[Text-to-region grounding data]
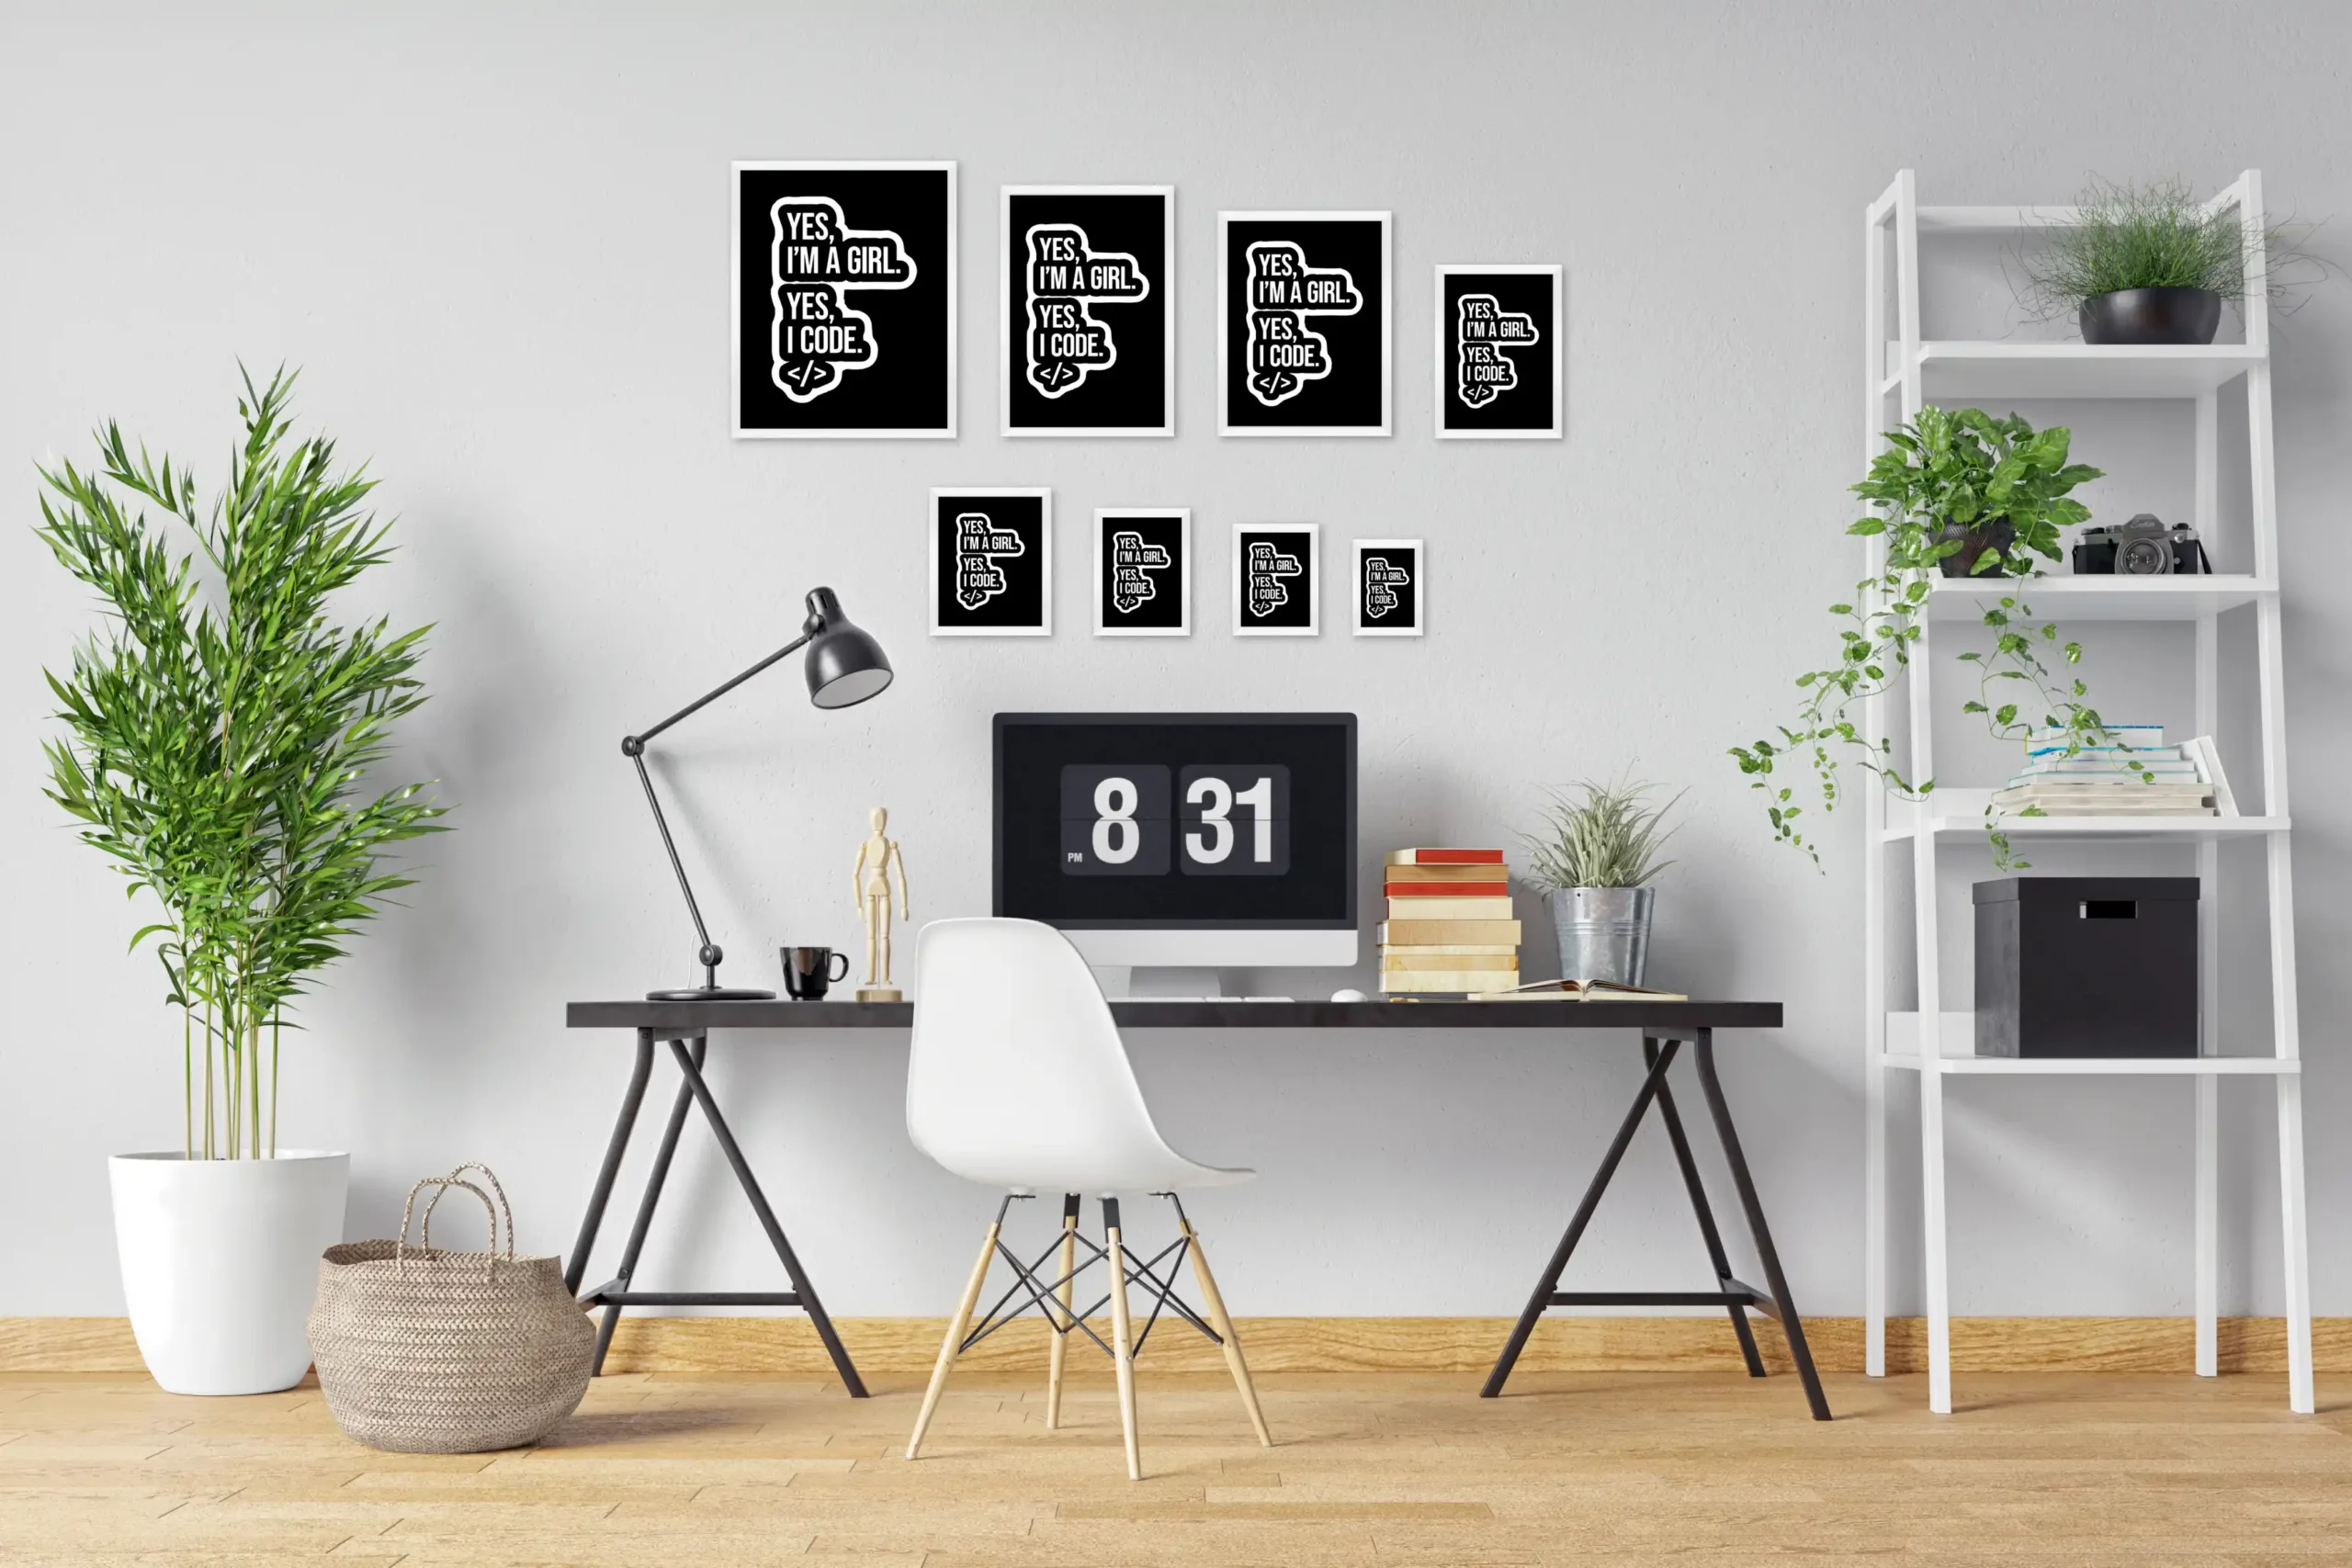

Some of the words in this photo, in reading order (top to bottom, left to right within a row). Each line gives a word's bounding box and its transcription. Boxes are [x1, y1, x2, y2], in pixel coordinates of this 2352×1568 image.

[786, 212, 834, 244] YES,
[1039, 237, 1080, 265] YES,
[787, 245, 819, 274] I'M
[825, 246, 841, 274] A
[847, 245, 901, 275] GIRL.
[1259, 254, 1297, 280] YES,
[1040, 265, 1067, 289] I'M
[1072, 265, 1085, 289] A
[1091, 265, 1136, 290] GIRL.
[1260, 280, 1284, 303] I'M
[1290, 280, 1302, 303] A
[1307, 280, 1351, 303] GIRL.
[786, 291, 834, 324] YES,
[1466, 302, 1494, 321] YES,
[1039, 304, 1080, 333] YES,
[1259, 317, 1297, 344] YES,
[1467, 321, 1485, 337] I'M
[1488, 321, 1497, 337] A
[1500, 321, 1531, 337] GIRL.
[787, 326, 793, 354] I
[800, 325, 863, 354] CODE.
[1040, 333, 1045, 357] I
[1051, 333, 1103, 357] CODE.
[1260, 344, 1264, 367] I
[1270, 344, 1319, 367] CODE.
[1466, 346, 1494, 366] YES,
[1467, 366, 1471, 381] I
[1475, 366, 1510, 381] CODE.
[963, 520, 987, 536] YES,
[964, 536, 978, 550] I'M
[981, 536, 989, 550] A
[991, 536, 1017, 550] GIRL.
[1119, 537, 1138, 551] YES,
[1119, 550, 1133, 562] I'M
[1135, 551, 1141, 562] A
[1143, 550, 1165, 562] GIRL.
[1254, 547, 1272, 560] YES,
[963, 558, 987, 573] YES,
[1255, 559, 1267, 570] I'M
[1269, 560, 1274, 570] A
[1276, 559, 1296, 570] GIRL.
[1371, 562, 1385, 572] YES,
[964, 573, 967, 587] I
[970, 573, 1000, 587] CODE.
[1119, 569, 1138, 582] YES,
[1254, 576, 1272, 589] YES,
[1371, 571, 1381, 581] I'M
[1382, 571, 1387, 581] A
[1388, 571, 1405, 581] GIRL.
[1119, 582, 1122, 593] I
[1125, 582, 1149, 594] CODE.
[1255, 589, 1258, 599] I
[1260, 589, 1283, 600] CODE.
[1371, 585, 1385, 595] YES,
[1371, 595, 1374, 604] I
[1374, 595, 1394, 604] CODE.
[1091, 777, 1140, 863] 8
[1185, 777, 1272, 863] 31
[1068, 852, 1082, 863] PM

- _TASK TO CARRY OUT_:
If a line in the records above has the word "CODE", copy it.

- _RESPONSE TO THIS TASK_:
[800, 325, 863, 354] CODE.
[1051, 333, 1103, 357] CODE.
[1270, 344, 1319, 367] CODE.
[1475, 366, 1510, 381] CODE.
[970, 573, 1000, 587] CODE.
[1125, 582, 1149, 594] CODE.
[1260, 589, 1283, 600] CODE.
[1374, 595, 1394, 604] CODE.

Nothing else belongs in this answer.